Os três bruxos, teriam que tecer uma trama muito bem urdida, para levar o novo rei, a nova cabeça coroada, para a decisão mais acertada.
Eliandrin pensou nas aves de rapina cercando o cheiro de carne apodrecendo. Era o mais próximo de Potêntis, o próximo rei, conviveu com ele e brincou por aqueles corredores de pedra, trocaram confidências, e sabia do quanto seu amigo amava Gabine de Selvia, a princesa de todo o reino, a futura rainha. Mas sabia igualmente quanta severidade abundava na jovem, severidade que faltava em Potêntis, treinado desde jovenzinho, nas artes da retórica, da palavra, treinado em manipulação, faltava a ele o toque de crueldade necessário para dominar as próprias vontades e governar como o poder exigia.
Telefaithin ergueu uma sobrancelha para outro brado ecoando pelo corredor, entristeceu-se pela dor que percebera nessa nota, “um rei comportar-se como um porco no abate”, olhou com indiferença para os colegas e murmurou o que nenhum deles tinha coragem de verbalizar:
- Potêntis precisa do profeta - sua voz era seca, disciplinada. - Ou o reino ruirá, em pouquíssimo tempo. Senhores, conheço o rei, foi um monarca sábio, longevo, e o filho não será diferente.
Eles inclinaram-se para os toques dos sinos ecoando pelo lado de fora, o céu escureceu por um minuto, e todos souberam que o rei estava morto.
Potêntis ainda segurava a mão do rei, e o anel, as últimas palavras do pai, foram de preocupação com o reino, embora, Potêntis desconfiasse que seu velho pai, desejara com todas as forças morrer próximo ao seu poço de visões. O jovem rei suspirou. Os sinos ecoavam, retiniam longamente, sovados por feiticeiros controladores do ar, que empurraram as notas fúnebres em direção a Lides a cidade mais próxima, e os feiticeiros de Lide empurrariam as notas recebidas, para a cidade vizinha, logo todos saberiam.
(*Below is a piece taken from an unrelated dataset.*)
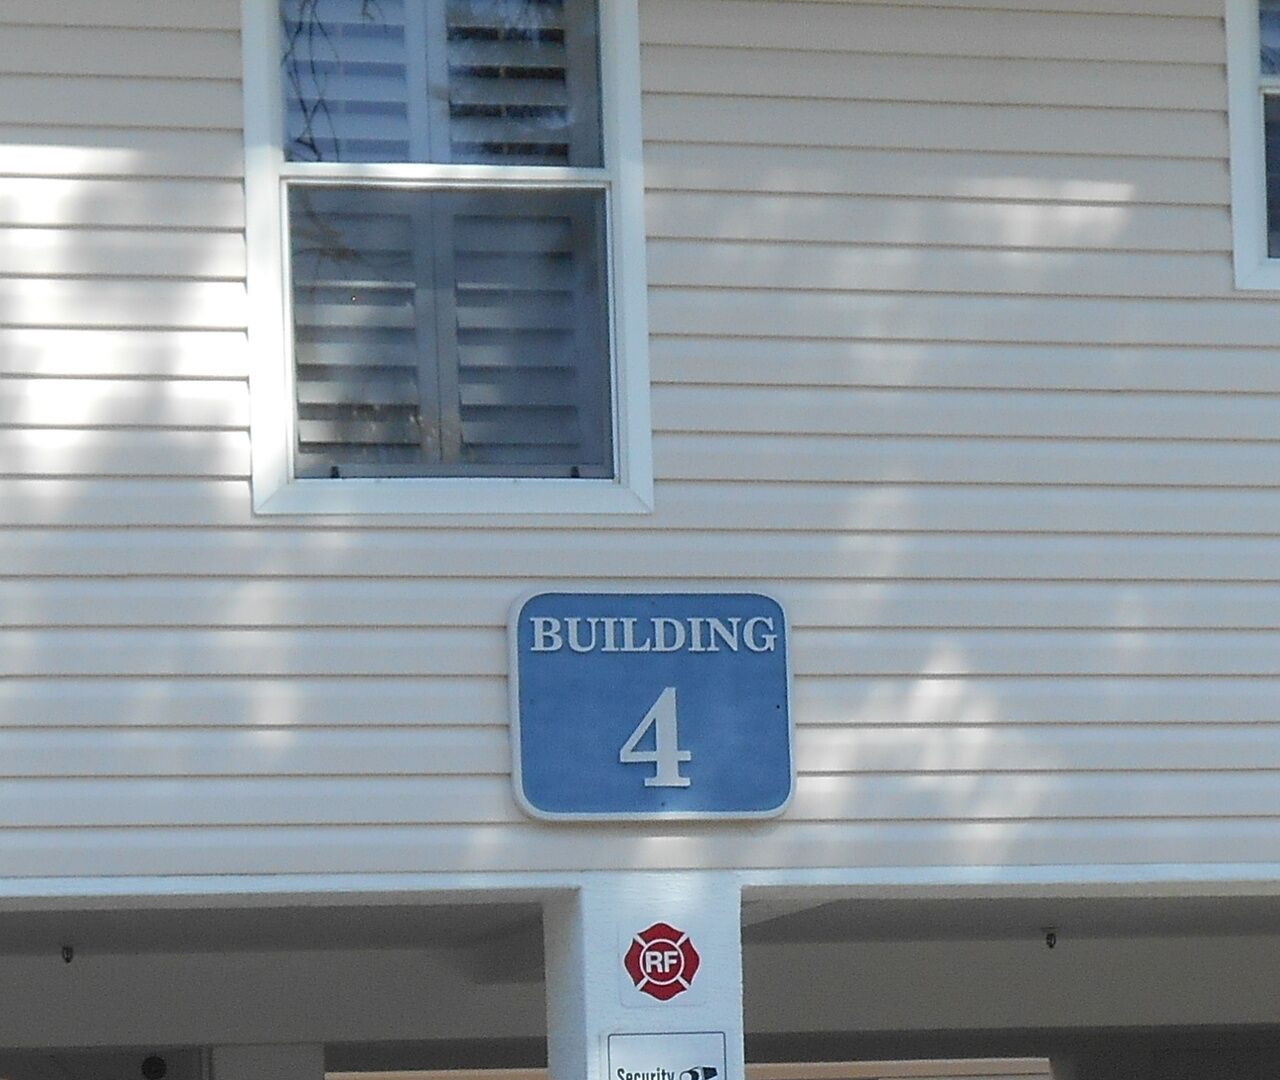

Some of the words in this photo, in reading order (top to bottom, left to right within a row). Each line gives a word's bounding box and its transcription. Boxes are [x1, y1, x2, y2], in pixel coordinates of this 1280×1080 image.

[530, 616, 777, 652] BUILDING
[619, 686, 692, 787] 4
[645, 950, 679, 974] RF
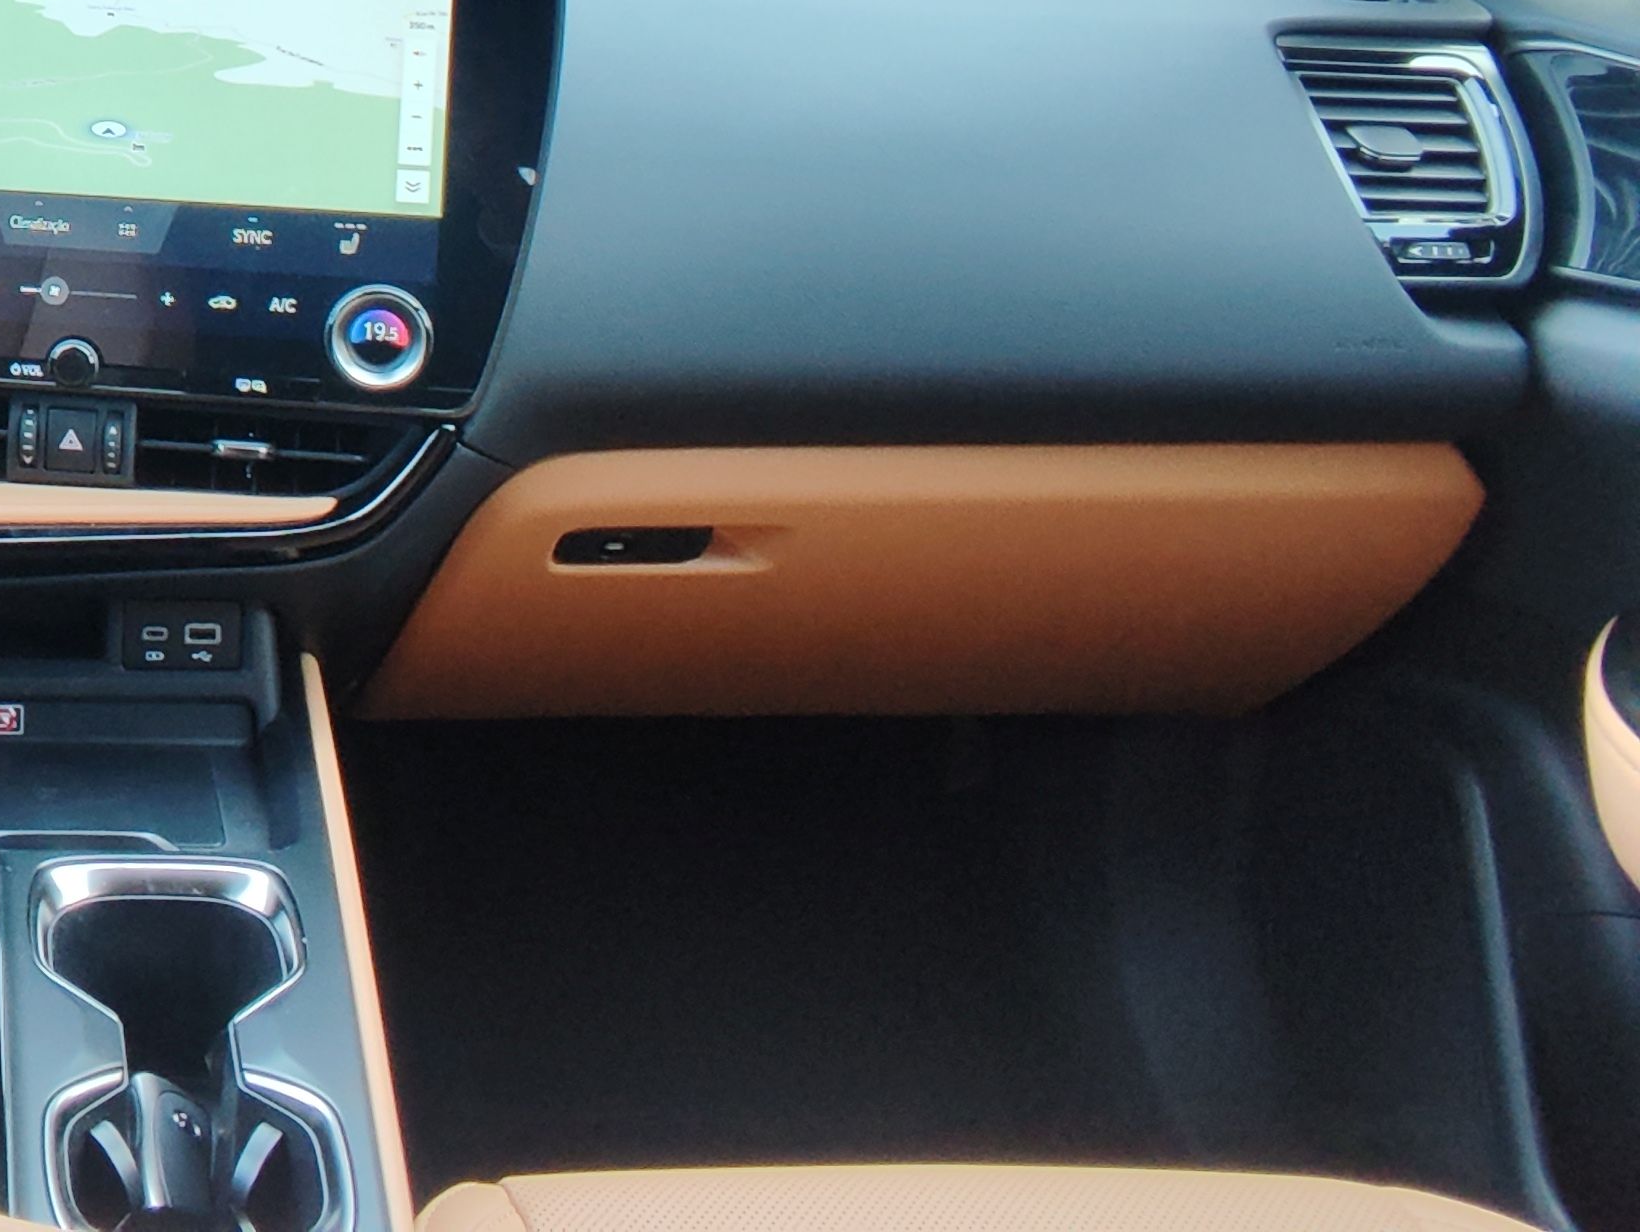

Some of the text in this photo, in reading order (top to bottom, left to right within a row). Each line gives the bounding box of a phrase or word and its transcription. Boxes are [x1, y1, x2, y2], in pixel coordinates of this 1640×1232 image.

- Vossa majestade, - disse uma voz atrás de si. - É preciso que apareça ao povo, acene, conforte os corações.
Ele apoiou-se à beirada da cama onde jazia inerte o corpo do antigo monarca, colocou o anel no anelar. Imediatamente os bruxos que aguardavam no corredor, souberam que podiam entrar no recinto. O poder contido no anel, era o mesmo contido nas vestes dos bruxos, redivivo.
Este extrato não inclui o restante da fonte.